L'agence nationale du médicament (ANSM) a annoncé jeudi 8 juin avoir de nouveau saisi la justice sur des dysfonctionnements de l'IHU de Marseille à l'ère Raoult. Cette décision intervient après analyse d'une étude, cosignée par Didier Raoult, portant sur plus de 30 000 patients Covid traités à l'Institut hospitalo-universitaire Méditerranée Infection pendant deux ans.
Cette étude « peut être qualifiée de RIPH (recherche impliquant la personne humaine ) de catégorie 1 » et aurait donc « dû bénéficier d'un avis favorable d'un comité de protection des personnes et d'une autorisation de l'ANSM », explique l'agence.
Avec sept co-auteurs, dont la plupart exercent encore à l'IHU, le Pr Raoult avait cosigné en mars un « pre-print », c'est-à-dire une version non relue par des pairs, de son étude sur des patients Covid, concluant que l'administration d'hydroxychloroquine (ou d'ivermectine) a réduit la mortalité de malades du Covid.
Fin mai, seize sociétés savantes de médecine avaient interpellé les autorités sur l'absence de sanctions face à ce traitement de 30 000 patients Covid par l'IHU, le qualifiant de « plus grand essai thérapeutique "sauvage" connu ».
Interpellé fin mai au Sénat sur « une inertie des pouvoirs publics » face aux dérives de l'IHU de Marseille sous l'ère Raoult, le ministre de la Santé, François Braun, avait brandi la menace de sanctions contre les auteurs de cette étude.
Une première enquête ouverte il y a un an
L'ANSM, qui a rappelé en avril que l'utilisation de l'hydroxychloroquine « expose les patients à de potentiels effets indésirables qui peuvent être graves », avait déjà saisi le parquet de Marseille au printemps 2022, après avoir rendu un rapport cinglant sur des faits antérieurs à la crise du Covid-19. Rapport dans lequel elle fustigeait de « graves manquements » au sein de l'IHU.
L'Agence évoquait ainsi des essais souvent engagés sans obtenir l'avis obligatoire d'un comité indépendant ni même, parfois, le consentement de tous les patients examinés.
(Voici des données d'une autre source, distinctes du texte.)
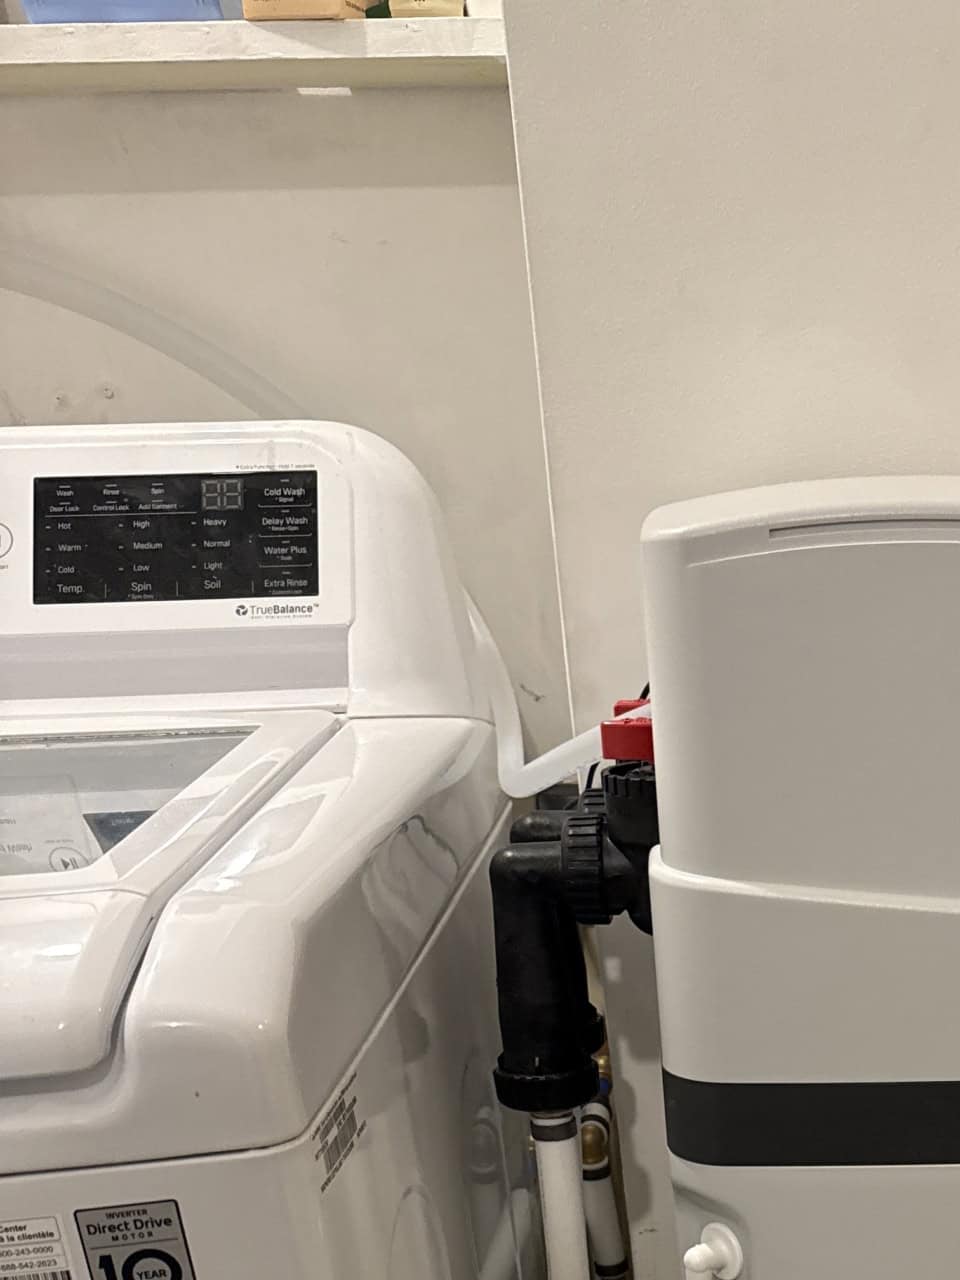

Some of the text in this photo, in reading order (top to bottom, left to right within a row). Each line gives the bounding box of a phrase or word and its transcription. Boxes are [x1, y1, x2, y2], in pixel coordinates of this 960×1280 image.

[264, 487, 306, 497] Cold Wash
[133, 520, 151, 530] High
[203, 518, 227, 527] Heavy
[262, 516, 309, 526] Delay Wash
[58, 544, 82, 552] Warm
[133, 542, 163, 550] Medium
[203, 540, 231, 548] Normal
[264, 545, 307, 555] Water Plus
[57, 566, 75, 574] Cold
[133, 564, 150, 572] Low
[203, 561, 223, 571] Light
[131, 582, 152, 592] Spin
[204, 579, 221, 589] Soil
[264, 579, 308, 588] Extra Rinse
[105, 1209, 148, 1219] INVERTER
[86, 1217, 172, 1236] Direct Drive
[6, 1234, 15, 1242] la
[17, 1230, 55, 1241] clientèle
[112, 1231, 154, 1241] MOTOR
[136, 1269, 168, 1280] YEAR
Ainsi, des prélèvements rectaux avaient été réalisés au début des années 2010 sur des enfants atteints de gastro-entérite sans le consentement de leurs parents.
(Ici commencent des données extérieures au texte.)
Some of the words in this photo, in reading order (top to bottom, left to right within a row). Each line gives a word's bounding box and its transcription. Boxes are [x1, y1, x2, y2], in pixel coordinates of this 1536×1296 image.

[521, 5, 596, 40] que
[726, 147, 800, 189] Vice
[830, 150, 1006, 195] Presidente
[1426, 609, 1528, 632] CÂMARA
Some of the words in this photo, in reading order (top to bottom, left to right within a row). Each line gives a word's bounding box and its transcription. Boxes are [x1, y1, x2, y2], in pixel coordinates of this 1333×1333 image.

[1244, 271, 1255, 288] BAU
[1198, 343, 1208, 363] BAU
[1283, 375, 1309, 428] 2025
Sur la base de ce signalement, ainsi que d'un signalement antérieur datant d'octobre 2021, une enquête judiciaire avait été ouverte par le parquet de Marseille en juillet 2022 sur des soupçons d'essais cliniques non autorisés, mais qui ne visaient pas à ce stade le traitement du Covid-19.
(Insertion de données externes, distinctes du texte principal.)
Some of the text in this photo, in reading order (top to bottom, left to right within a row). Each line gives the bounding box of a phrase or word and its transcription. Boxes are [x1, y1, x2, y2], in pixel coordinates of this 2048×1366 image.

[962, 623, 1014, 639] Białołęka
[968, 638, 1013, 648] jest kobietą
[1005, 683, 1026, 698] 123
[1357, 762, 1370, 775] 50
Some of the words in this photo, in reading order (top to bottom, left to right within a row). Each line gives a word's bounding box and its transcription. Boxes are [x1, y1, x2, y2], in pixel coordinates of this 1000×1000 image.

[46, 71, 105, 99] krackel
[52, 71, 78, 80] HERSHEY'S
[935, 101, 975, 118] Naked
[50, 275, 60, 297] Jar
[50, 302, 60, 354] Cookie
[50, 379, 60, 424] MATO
Cette enquête, qui concernait initialement trois « recherche(s) interventionnelle(s) impliquant une personne humaine (RIPH) non justifiée(s) par sa prise en charge habituelle sans obtention de l'avis du comité de protection des personnes et de l'autorisation de l'ANSM », a été étendue le 29 mai à quatre autres recherches du même type, selon le parquet de Marseille, menées notamment sur des mineurs ou des majeurs protégés.